L’histoire de Giacomo Sarpetti était réellement captivante, et l’émotion que l’ancien avocat mettait dans son récit y était pour beaucoup. Je pensai alors qu’il avait dû réellement exceller dans son métier tant la verve de son récit était associée à la précision de son argumentation. Je compris alors qu’à sa manière, cet homme avait, comme il me l’avait affirmé, réellement été un écrivain. Je restai ainsi à l’écouter des heures durant. A vrai dire l’essentiel de la journée… Il y avait dans son récit de nombreux blancs, des zones d’ombres qui couvraient parfois plusieurs années. J’en sais aujourd’hui beaucoup sur l’histoire de cet homme, mais je vais tenter de raconter ici l’histoire de Giacomo Sarpetti telle que je l’ai entendue ce jour là, parce que ce sont ces carences apparentes qui m’ont je crois donné envie de envie de jeter une nouvelle lumière sur cette histoire qui m’a tant fasciné dès ce moment. Sur le moment, j’ai simplement pensé que Maximilien Huet de Francart ignorait simplement un certains nombre des épisodes qui avaient formé la vie de son ancien client. Cela semblait somme toute normal, on ne raconte en principe à son avocat que les éléments qui semblent utiles au succès de l’affaire qu’on lui a confié. Je sais aujourd’hui la vérité, Maximilien Huet de Francart a soigneusement ménagé chacune des carences de son récit, parce qu’à ce moment, il avait intérêt à ce que j’ignore certaines choses sur Giacomo Sarpetti. Je ne lui en veux pas, c’était la condition nécessaire à la réussite de son projet.


Points de jonction

Points de jonction (22)

Il devait être deux heures du matin.

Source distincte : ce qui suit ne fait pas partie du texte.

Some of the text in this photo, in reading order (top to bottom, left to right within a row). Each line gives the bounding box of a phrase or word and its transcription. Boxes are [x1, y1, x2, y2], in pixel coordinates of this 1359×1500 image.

Sophie était dans mes bras lorsque c’est arrivé. Ca faisait maintenant pas loin d’un mois qu’elle m’avait annoncé que nous allions avoir un enfant. Pourtant, étrangement, aucun de nous d’eux n’avait encore commencé à aborder le sujet du choix d’un prénom.

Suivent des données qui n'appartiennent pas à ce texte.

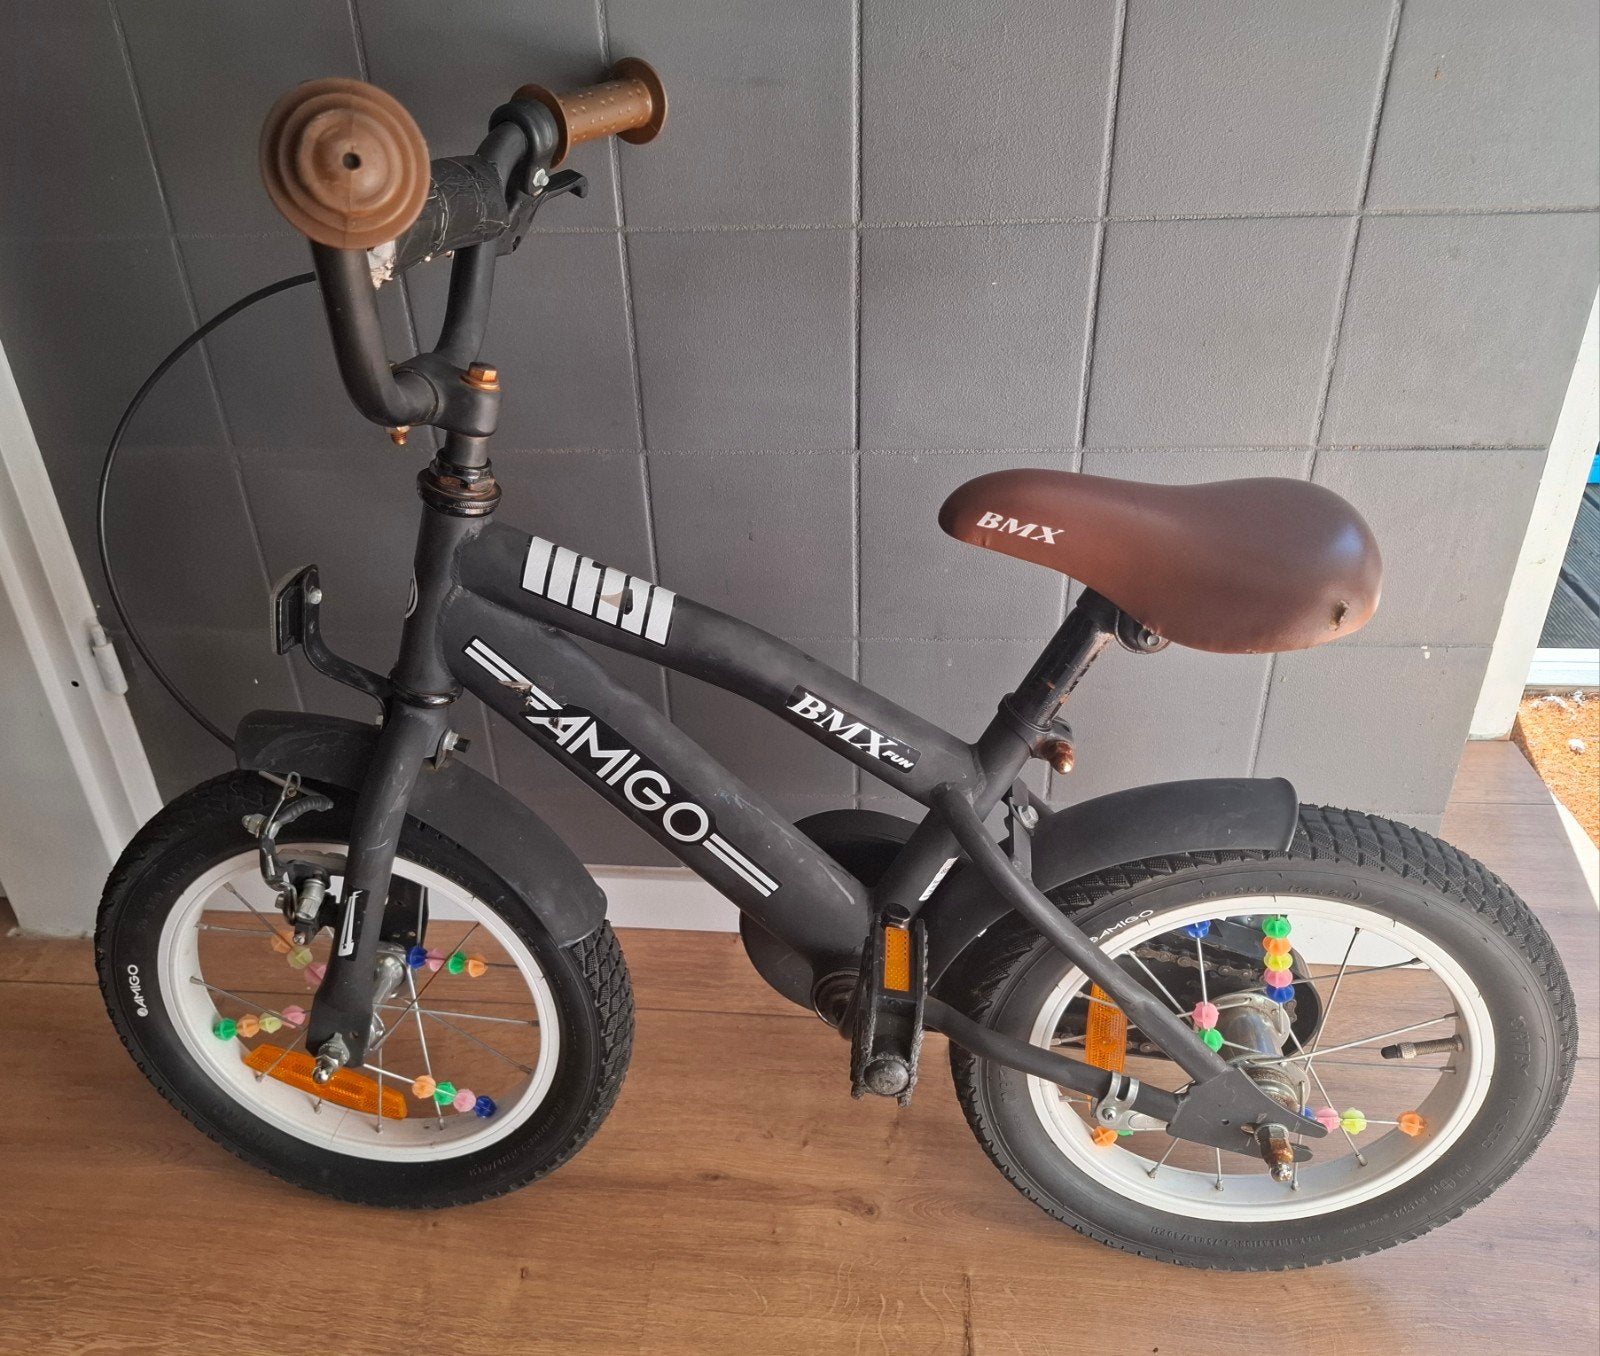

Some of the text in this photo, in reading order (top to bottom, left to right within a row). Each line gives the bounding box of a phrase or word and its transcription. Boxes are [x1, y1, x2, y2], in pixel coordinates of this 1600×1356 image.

[976, 511, 1065, 545] BMX
[787, 692, 915, 769] BMX FUN
[527, 716, 709, 842] AMIGO
[1099, 910, 1154, 940] AMIGO
[127, 964, 147, 1008] AMIGO

Si à cet instant Sophie avait eu connaissance de l’histoire que j’écrivais, cet événement n’aurait eu que peu d’importance, cependant ce n’était pas le cas. Ce qui s’est produit ce soir là est étonnant, prophétique même… Et je ne peux m’empêcher de penser que cela a forcément eu une influence sur la suite.

-Mon cœur, m’a t’elle dit de la voix rauque qu’elle a toujours après l’amour, on va l’appeler comment ?

-Si c’est une fille j’aime bien Chloé. Toi ?

-Je préfère Sarah… mais on s’en fiche. Ce sera un garçon.

-Comment tu peux déjà savoir ça?

-C’est moi qui le porte. Je le sais. J’en suis sûre.

-Ben voyons…Toi, tu as déjà une idée précise du nom que tu veux lui donner à ce petit garçon !

-En fait oui. Tu penses quoi de Nicolas ?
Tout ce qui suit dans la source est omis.